Task item — Would you write out the full listing exactly, without any pictures?

Excerpted data —
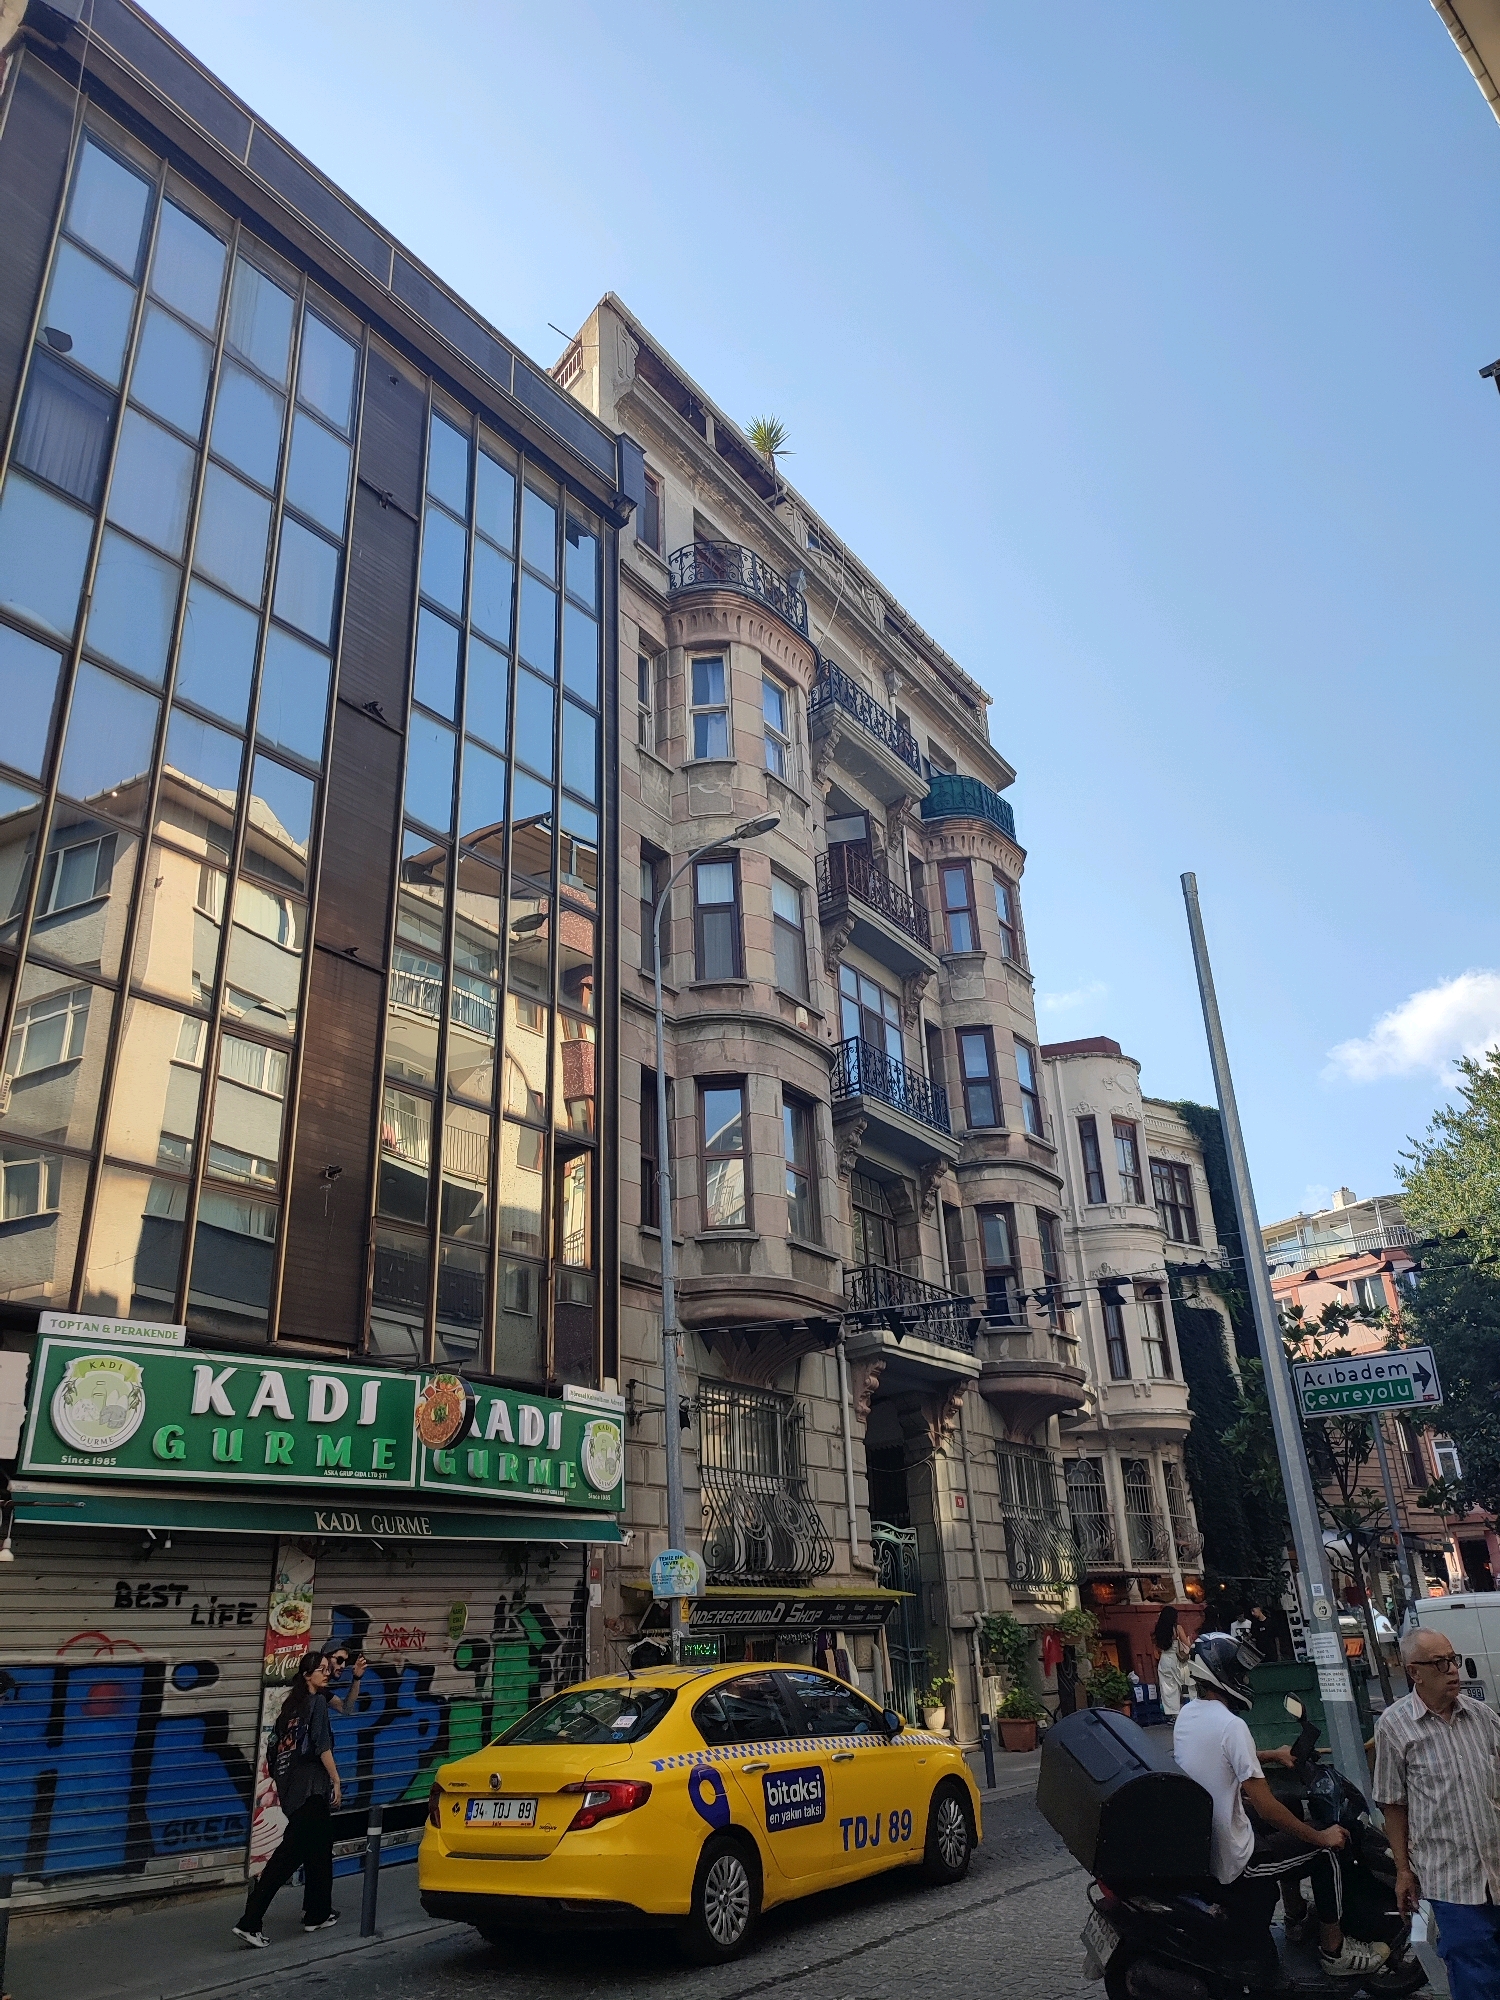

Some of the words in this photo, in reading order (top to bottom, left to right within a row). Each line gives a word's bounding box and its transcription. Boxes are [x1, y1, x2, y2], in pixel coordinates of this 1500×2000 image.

[50, 1318, 99, 1333] TOPTAN
[102, 1324, 112, 1334] &
[114, 1325, 179, 1341] PERAKENDE
[89, 1361, 124, 1371] KADI
[1303, 1363, 1408, 1387] Acıbadem
[190, 1364, 382, 1425] KADI
[1304, 1382, 1410, 1409] Çevreyolu
[80, 1434, 114, 1446] GURME
[152, 1424, 397, 1471] GURME
[61, 1455, 89, 1465] Since
[92, 1456, 117, 1466] 1985
[433, 1448, 577, 1489] GURME
[354, 1470, 367, 1478] GIDA
[314, 1511, 363, 1532] KADI
[371, 1514, 432, 1535] GURME
[114, 1581, 189, 1608] BEST
[766, 1774, 822, 1807] bitaksi
[472, 1802, 484, 1819] 34
[492, 1801, 511, 1819] TDJ
[517, 1802, 532, 1819] 89
[769, 1813, 780, 1825] en
[781, 1808, 802, 1825] yakın
[803, 1802, 822, 1818] taksi
[839, 1812, 882, 1852] TDJ
[888, 1808, 912, 1844] 89
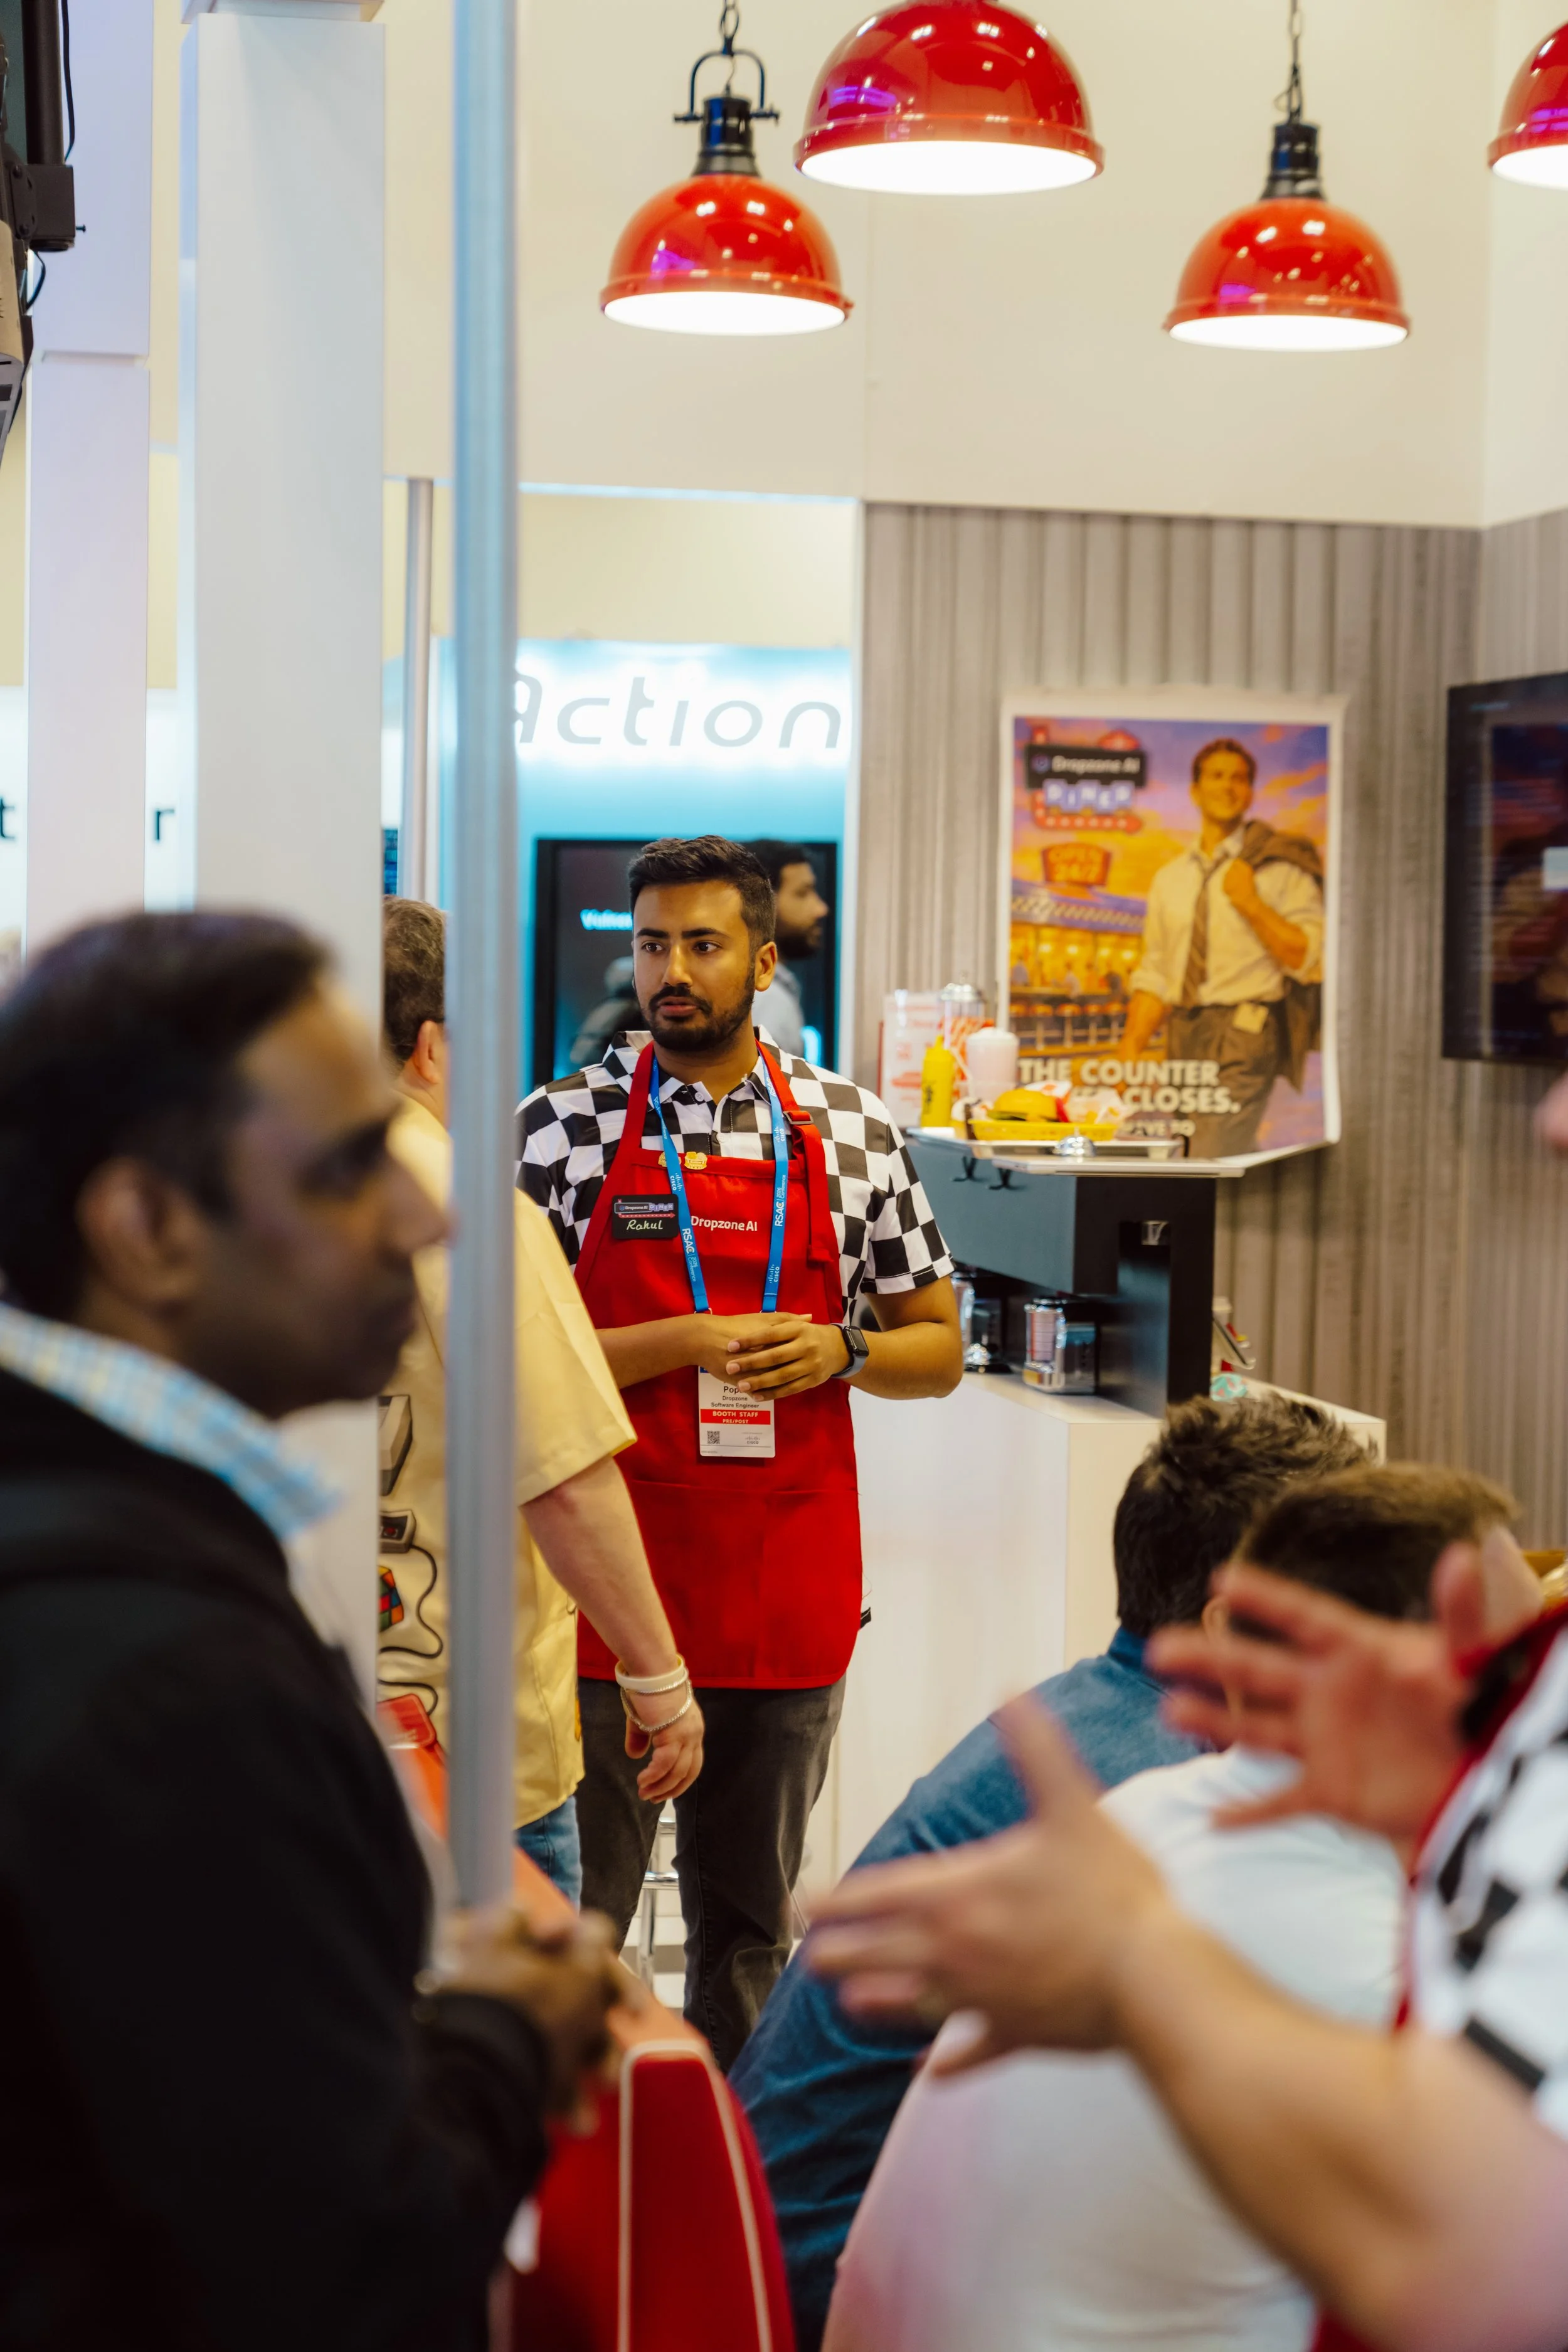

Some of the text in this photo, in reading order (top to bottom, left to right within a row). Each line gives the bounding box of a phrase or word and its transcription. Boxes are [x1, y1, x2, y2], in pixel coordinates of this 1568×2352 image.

[1017, 1057, 1221, 1086] THE COUNTER
[1122, 1086, 1242, 1114] CLOSES.
[626, 1219, 664, 1231] Rahul
[691, 1216, 758, 1232] Dropzone AI
[775, 1201, 784, 1227] RSAC
[682, 1227, 694, 1254] RSAC

Answer area —
Some of the words in this photo, in reading order (top to bottom, left to right within a row). Each line gives a word's bounding box and its transcription. Boxes are [x1, y1, x2, y2], in pixel coordinates of this 1500×2000 image.

[50, 1318, 99, 1333] TOPTAN
[102, 1324, 112, 1334] &
[114, 1325, 179, 1341] PERAKENDE
[89, 1361, 124, 1371] KADI
[1303, 1363, 1408, 1387] Acıbadem
[190, 1364, 382, 1425] KADI
[1304, 1382, 1410, 1409] Çevreyolu
[80, 1434, 114, 1446] GURME
[152, 1424, 397, 1471] GURME
[61, 1455, 89, 1465] Since
[92, 1456, 117, 1466] 1985
[433, 1448, 577, 1489] GURME
[354, 1470, 367, 1478] GIDA
[314, 1511, 363, 1532] KADI
[371, 1514, 432, 1535] GURME
[114, 1581, 189, 1608] BEST
[766, 1774, 822, 1807] bitaksi
[472, 1802, 484, 1819] 34
[492, 1801, 511, 1819] TDJ
[517, 1802, 532, 1819] 89
[769, 1813, 780, 1825] en
[781, 1808, 802, 1825] yakın
[803, 1802, 822, 1818] taksi
[839, 1812, 882, 1852] TDJ
[888, 1808, 912, 1844] 89

Some of the text in this photo, in reading order (top to bottom, left to right within a row). Each line gives the bounding box of a phrase or word and its transcription. Boxes are [x1, y1, x2, y2], in pixel coordinates of this 1568×2352 image.

[1017, 1057, 1221, 1086] THE COUNTER
[1122, 1086, 1242, 1114] CLOSES.
[626, 1219, 664, 1231] Rahul
[691, 1216, 758, 1232] Dropzone AI
[775, 1201, 784, 1227] RSAC
[682, 1227, 694, 1254] RSAC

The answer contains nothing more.